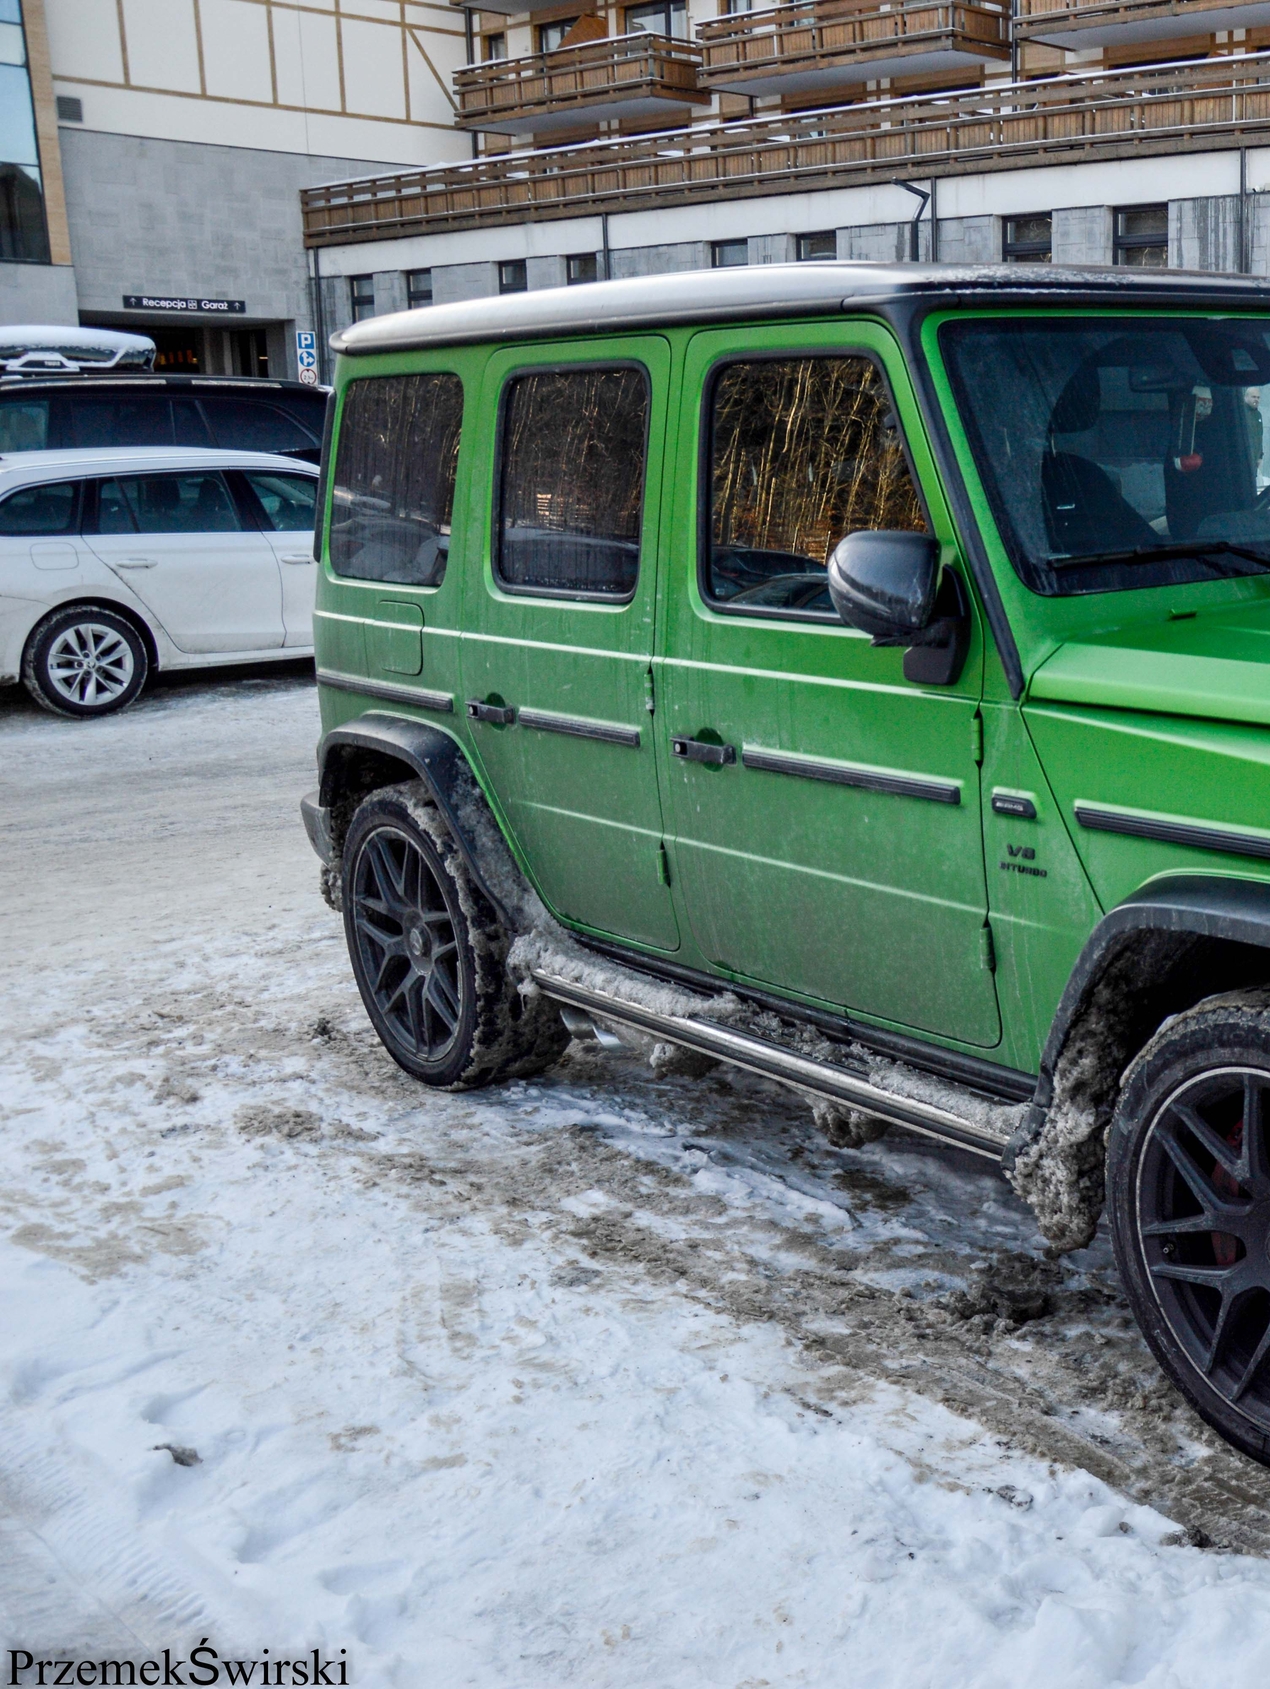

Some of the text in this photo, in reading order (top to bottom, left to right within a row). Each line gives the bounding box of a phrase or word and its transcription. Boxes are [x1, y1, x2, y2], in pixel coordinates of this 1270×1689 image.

[142, 298, 228, 310] Recepcja Garaż
[300, 333, 312, 348] P
[1006, 843, 1035, 860] V8
[999, 861, 1047, 877] BITURBO

★ ★ ★ ★ ★

Aim of the task — Output the data above verbatim, pictures excluded.

Task output —
Some of the text in this photo, in reading order (top to bottom, left to right within a row). Each line gives the bounding box of a phrase or word and its transcription. Boxes are [x1, y1, x2, y2], in pixel coordinates of this 1270×1689 image.

[142, 298, 228, 310] Recepcja Garaż
[300, 333, 312, 348] P
[1006, 843, 1035, 860] V8
[999, 861, 1047, 877] BITURBO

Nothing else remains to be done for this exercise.